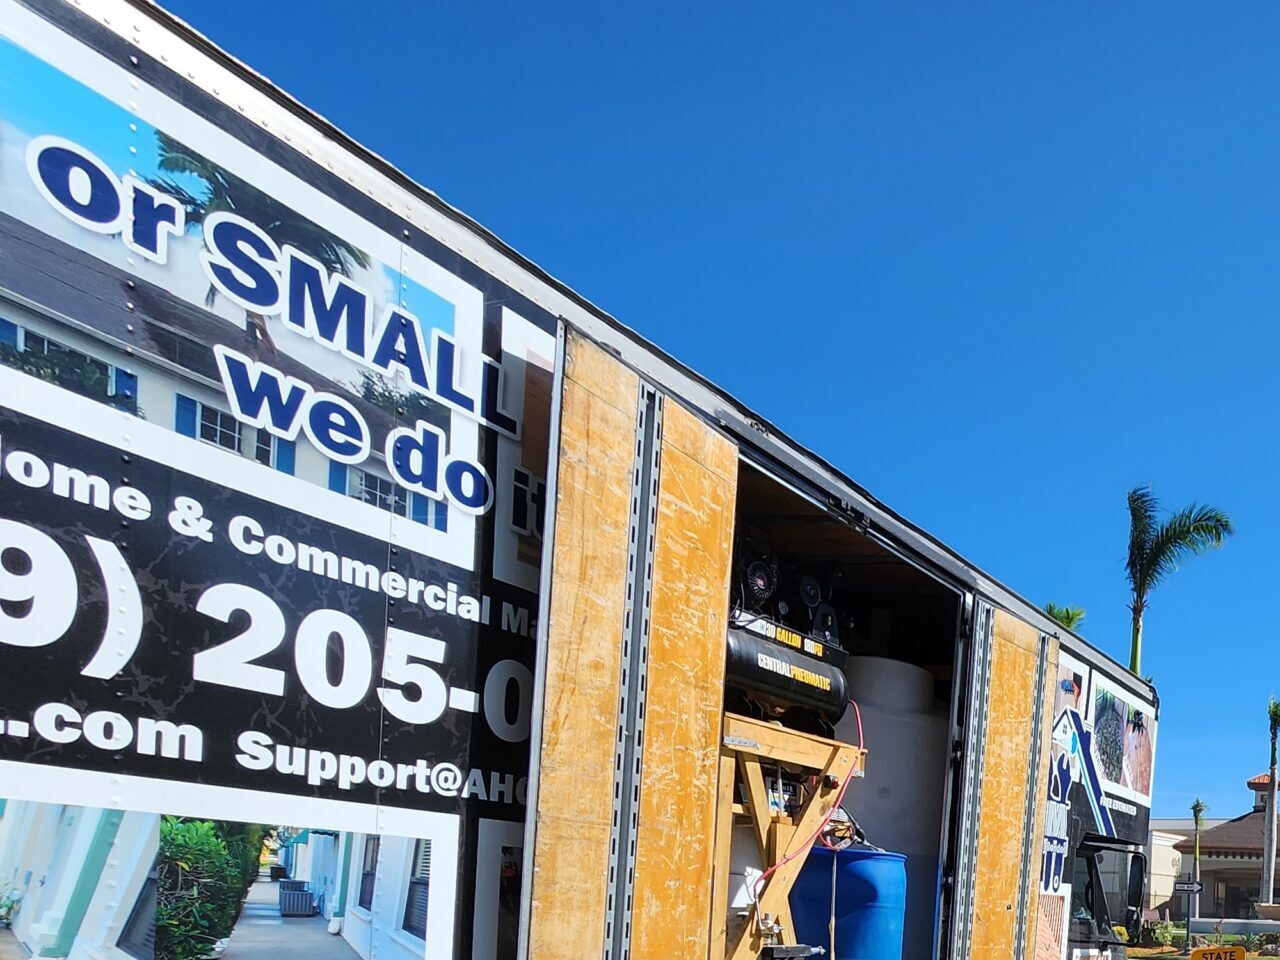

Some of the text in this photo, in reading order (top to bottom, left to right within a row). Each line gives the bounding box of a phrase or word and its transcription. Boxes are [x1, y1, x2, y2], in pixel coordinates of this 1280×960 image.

[30, 139, 520, 438] or SMALL
[217, 348, 367, 460] we
[388, 422, 492, 513] do
[0, 433, 151, 520] ome
[168, 497, 213, 543] &
[228, 515, 490, 625] Commercial
[193, 582, 534, 743] 205-0
[766, 622, 776, 639] 30
[776, 627, 801, 649] GALLON
[0, 702, 203, 762] .com

▸ **ASSIGNMENT**: Every line of the material must be repeated exactly; pictures stay out.

▸ **TASK OUTPUT**:
Some of the text in this photo, in reading order (top to bottom, left to right within a row). Each line gives the bounding box of a phrase or word and its transcription. Boxes are [x1, y1, x2, y2], in pixel coordinates of this 1280×960 image.

[30, 139, 520, 438] or SMALL
[217, 348, 367, 460] we
[388, 422, 492, 513] do
[0, 433, 151, 520] ome
[168, 497, 213, 543] &
[228, 515, 490, 625] Commercial
[193, 582, 534, 743] 205-0
[766, 622, 776, 639] 30
[776, 627, 801, 649] GALLON
[0, 702, 203, 762] .com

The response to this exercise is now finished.